The International Data Corporation (IDC) is a company which collects and analyzes statistics in many different industries. Recently they have published their data on how the tablet market has changed in 2014. The data shows iOS tablets (iPads) losing market share, Android tablets gaining more of a lead, and Windows tablets taking steps to becoming more popular.

Since 2014 is not over, these numbers are estimates based on data gathered by IDC. The data trends show that consumers are holding onto tablet devices longer than their smartphones and because of this, and other reasons, the tablet market as a whole is cooling. In 2013, there was a 52.3% increase in tablet sales, then in 2014 that dropped to 7.2% which is a massive drop over a single year.

The numbers show that consumers are buying around 235 million tablets in 2014, but the vast majority of those are Android tablets. The reasoning behind consumers decision to purchase Android based tablets over iOS or Windows is probably a range of factors. The biggest factor probably is cost since Android offers very affordable tablets, compared to iOS and Windows tablets. However Microsoft and Apple have improved their low cost tablet offerings.

IDC 2014 Tablet data

Microsoft is trying to lower device prices by offering Windows with Bing for free to OEMs who will sell devices for less than $200. Apple on the other hand is keeping their older versions of the iPad and iPad Mini at lower price points, compared to the new versions. These two strategies are very different from Google’s approach to let OEMs run wild with Android and do whatever they want in terms of making up the low price with bloatware and custom skins.

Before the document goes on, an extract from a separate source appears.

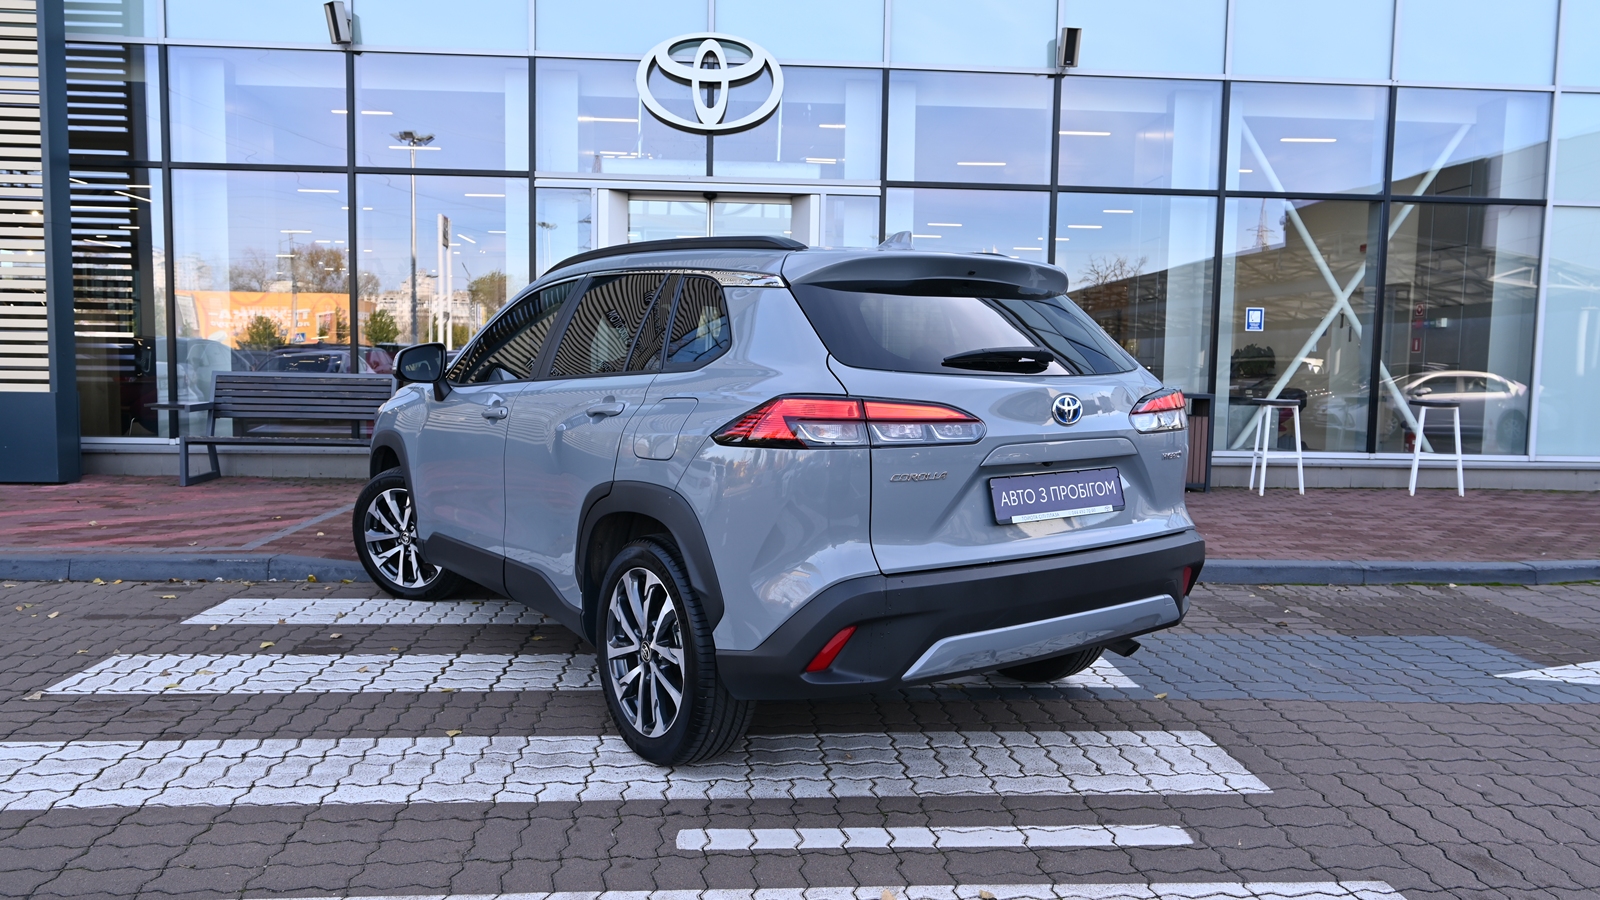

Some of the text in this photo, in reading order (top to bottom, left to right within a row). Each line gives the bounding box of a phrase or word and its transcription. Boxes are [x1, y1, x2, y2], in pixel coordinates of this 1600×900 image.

[889, 471, 948, 482] COROLLA
[1001, 480, 1117, 507] АВТО З ПРОБІГОМ

IDC mentions how 2-1 devices are not selling at high volumes when compared to other tablets at only 8.7 million units sold. While it does not bode well for 2-1 device manufacturers from a quantity stand point, those devices tend to be more fully featured and cost much more than cheap tablets running Windows or Android. It would be interesting to see how the different categories compare when price is introduced into the equation. Apple is known for making good margins on their devices and most Window tablets are priced as laptops, making them an odd choice for consumers over laptops. Ultimately there is good competition between the big three companies and the consumer has a wide range of choices at a wide range of prices.